I had seen this before. Allie, who lives with me two nights a week, is a lean rope of a kid who prides herself on having some grit. Consider her recent fourth-grade camping trip in the woods near our Portland, Oregon, home. When Henry C. dazzled everyone present by jumping off a junior-size cliff into the Clackamas River 42 times, Allie merely waited for him to leave and then seized top honors by making 45 jumps. Over the years, she and I have cross-country skied in blizzards, gone summer sledding on glaciers, and sneaked into cow pastures to step gingerly past snorting bulls.
But those were day trips, mostly, or weekend getaways, and last year Allie began to dream of a grander, more far-flung expedition. At the time, she was absorbed in a series of six books in the American Girls Collection about a fictional Nez Percé Indian child, Kaya, a Pocahantas lookalike who rode horses and slept in tepees in the 1760s. Allie was intrigued to learn that there is a present tense to the story—that the Nez Percé are, with many other nations, reviving their almost extinct tribal language, and that the Sioux are starting to ranch great herds of buffalo on their reservations. The Native American renaissance is, of course, shadowed by the darker, longer story of reservations—alcoholism and poverty. Still, Allie wanted to see what life was like in Indian country, and the word Alaska, with that aah sound at the end, suggestive of great northern adventure, had a certain tug on us. We flew up to Ketchikan, along with a host of others intent on kayaking and fly-fishing in southeast Alaska, and then rode a ferry west to the sparsely developed Prince of Wales Island, where a taxi took us 25 miles down island to Hydaburg.
The bear's eyes locked with mine. "Allie," I said, "sing the 'Happy Birthday' song." We both did, with gusto, until the bear scampered away, back into the woods.
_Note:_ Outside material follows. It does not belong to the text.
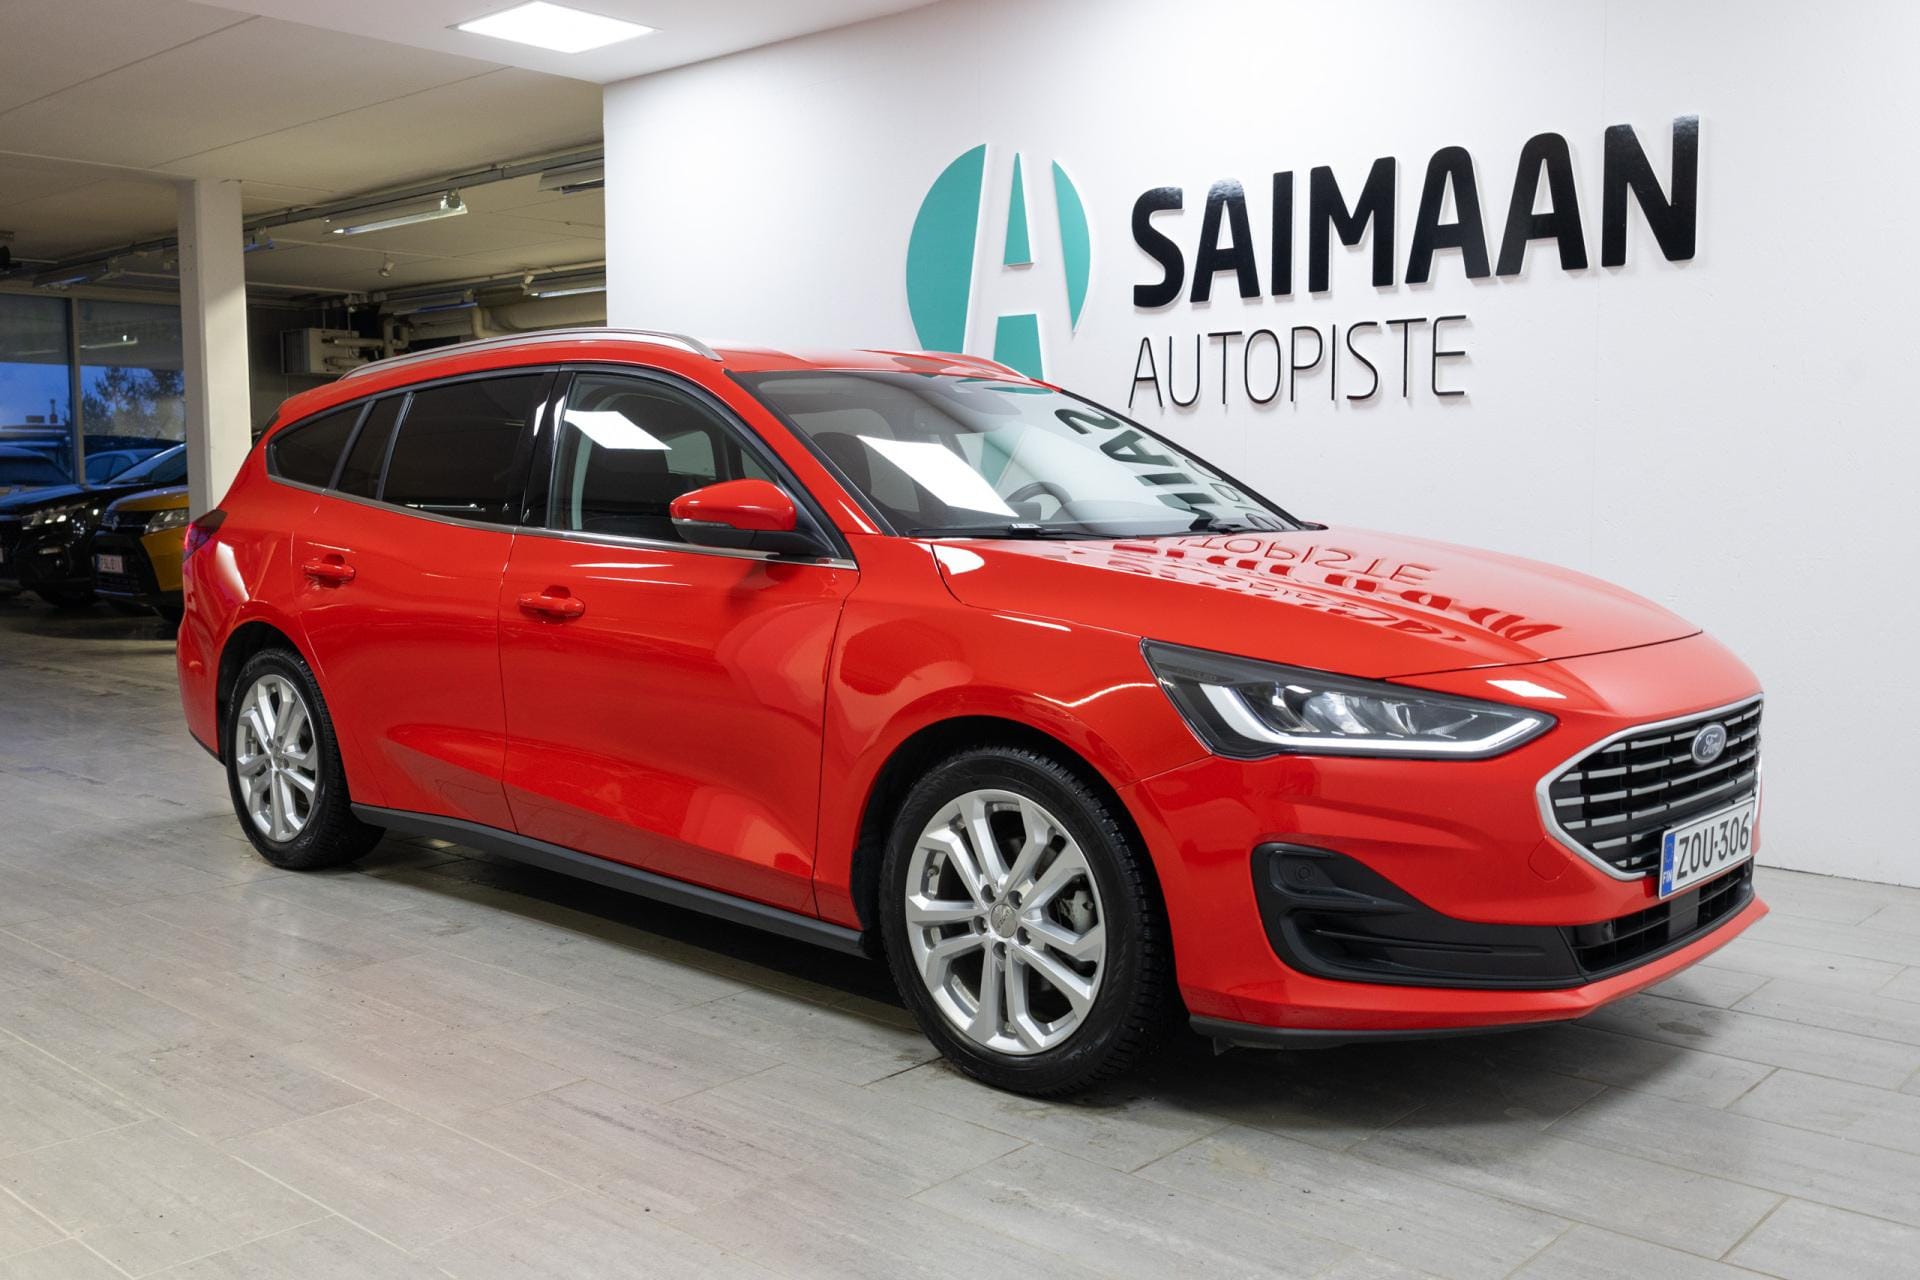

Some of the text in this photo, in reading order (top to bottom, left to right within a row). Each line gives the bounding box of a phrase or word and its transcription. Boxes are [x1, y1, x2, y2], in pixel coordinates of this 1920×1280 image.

[1132, 115, 1699, 307] SAIMAAN
[1129, 315, 1467, 409] AUTOPISTE
[1676, 811, 1750, 880] ZOU-306
The larger of two Alaska towns with a nearly all-Haida populace, Hydaburg was established by the federal government in 1912, when 350 Haida (about the same number as today) lived in cedar longhouses, harvesting salmon and seaweed and carving the deities of their two primary clans, eagles and ravens, onto the totem poles they placed by their homes to announce their bloodlines. Today, the 20 poles in Hydaburg's totem park are surrounded by prefab houses, satellite dishes, and all-terrain vehicles rusting in the salt air. We found an ad hoc B&B in town, a detached trailer rented by a woman named Pansy who makes splendid pancakes. That's where we stayed, for $20 a night.
On our first morning in Hydaburg we visited a retired fisherman, Claude Morrison, who at 93 is one of a handful of Hydaburg elders who still speak fluent Haida. (His grandmother taught him secretly, in defiance of his Presbyterian schoolteachers.) Allie and I entered his living room performing a sort of skit, a snippet of Haida dialogue we'd learned on the Internet, as he sat in his aqua easy chair, hale and white-haired and straining to hear.
"Sánuu dang gíidang?" I asked with all the aplomb of a Texas oilman parlez-ing francais. How are you?
Allie paused, hand on hip, sifting through, it seemed, a vast library of possible responses. "Díi láagang," she shrugged finally. I'm fine.
Morrison laughed. "Good," he said. "It's good to hear young people speak Haida, but it's more like"his mouth yawed open now and he accessed a muscle very deep in his throat, so the word gíidang came out with a low guttural dip in the middle. It was a sound that seemed somehow underwater—a sound from a different world, really. Haida language classes started up last summer at Hydaburg's city hall, but no one will ever speak Haida as a first language again, and the old traditions that Morrison grew up with—gathering cedar bark to make baskets, say, and hunting deer—are diluted by popular culture. Haida kids are now wont to bead the image of Bart Simpson onto handbags and bracelets.
Morrison asked us to try again, to go for that deep, guttural sound. We did, both Allie and I, and then Morrison just shook his head, smiling, as if to say, "Oh, well, forget it." He chatted with us a moment, and then sent us away with a can of sockeye salmon he'd put up himself.